= Task requirements =
Every record must be written out once more, with nothing added or omitted.

[Records Boundary: Start]

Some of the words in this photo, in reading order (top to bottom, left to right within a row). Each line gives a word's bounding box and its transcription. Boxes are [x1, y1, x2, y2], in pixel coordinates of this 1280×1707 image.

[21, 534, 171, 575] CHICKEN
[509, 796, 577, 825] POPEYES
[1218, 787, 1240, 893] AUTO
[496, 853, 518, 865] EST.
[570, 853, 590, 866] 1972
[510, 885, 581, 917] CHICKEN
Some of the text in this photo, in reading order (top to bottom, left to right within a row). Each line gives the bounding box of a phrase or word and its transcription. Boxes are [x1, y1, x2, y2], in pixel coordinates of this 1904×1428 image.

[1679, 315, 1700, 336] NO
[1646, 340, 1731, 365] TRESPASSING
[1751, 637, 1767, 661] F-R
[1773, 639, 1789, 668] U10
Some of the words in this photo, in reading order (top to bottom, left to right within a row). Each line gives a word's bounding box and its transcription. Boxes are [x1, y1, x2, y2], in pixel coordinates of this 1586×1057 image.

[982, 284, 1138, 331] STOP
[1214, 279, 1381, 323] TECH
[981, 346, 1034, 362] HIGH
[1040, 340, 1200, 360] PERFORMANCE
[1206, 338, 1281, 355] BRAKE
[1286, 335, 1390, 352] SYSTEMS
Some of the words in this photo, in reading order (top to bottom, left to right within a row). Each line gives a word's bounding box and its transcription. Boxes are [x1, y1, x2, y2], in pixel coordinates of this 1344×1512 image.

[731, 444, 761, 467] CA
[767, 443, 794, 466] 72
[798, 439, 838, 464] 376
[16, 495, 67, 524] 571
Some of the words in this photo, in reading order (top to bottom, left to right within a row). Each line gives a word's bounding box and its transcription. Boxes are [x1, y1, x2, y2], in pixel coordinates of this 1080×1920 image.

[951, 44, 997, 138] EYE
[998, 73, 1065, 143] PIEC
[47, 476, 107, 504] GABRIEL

[Records Boundary: End]

= Reply =
Some of the words in this photo, in reading order (top to bottom, left to right within a row). Each line gives a word's bounding box and its transcription. Boxes are [x1, y1, x2, y2], in pixel coordinates of this 1280×1707 image.

[21, 534, 171, 575] CHICKEN
[509, 796, 577, 825] POPEYES
[1218, 787, 1240, 893] AUTO
[496, 853, 518, 865] EST.
[570, 853, 590, 866] 1972
[510, 885, 581, 917] CHICKEN
Some of the text in this photo, in reading order (top to bottom, left to right within a row). Each line gives the bounding box of a phrase or word and its transcription. Boxes are [x1, y1, x2, y2], in pixel coordinates of this 1904×1428 image.

[1679, 315, 1700, 336] NO
[1646, 340, 1731, 365] TRESPASSING
[1751, 637, 1767, 661] F-R
[1773, 639, 1789, 668] U10
Some of the words in this photo, in reading order (top to bottom, left to right within a row). Each line gives a word's bounding box and its transcription. Boxes are [x1, y1, x2, y2], in pixel coordinates of this 1586×1057 image.

[982, 284, 1138, 331] STOP
[1214, 279, 1381, 323] TECH
[981, 346, 1034, 362] HIGH
[1040, 340, 1200, 360] PERFORMANCE
[1206, 338, 1281, 355] BRAKE
[1286, 335, 1390, 352] SYSTEMS
Some of the words in this photo, in reading order (top to bottom, left to right within a row). Each line gives a word's bounding box and its transcription. Boxes are [x1, y1, x2, y2], in pixel coordinates of this 1344×1512 image.

[731, 444, 761, 467] CA
[767, 443, 794, 466] 72
[798, 439, 838, 464] 376
[16, 495, 67, 524] 571
Some of the words in this photo, in reading order (top to bottom, left to right within a row). Each line gives a word's bounding box and its transcription. Boxes are [x1, y1, x2, y2], in pixel coordinates of this 1080×1920 image.

[951, 44, 997, 138] EYE
[998, 73, 1065, 143] PIEC
[47, 476, 107, 504] GABRIEL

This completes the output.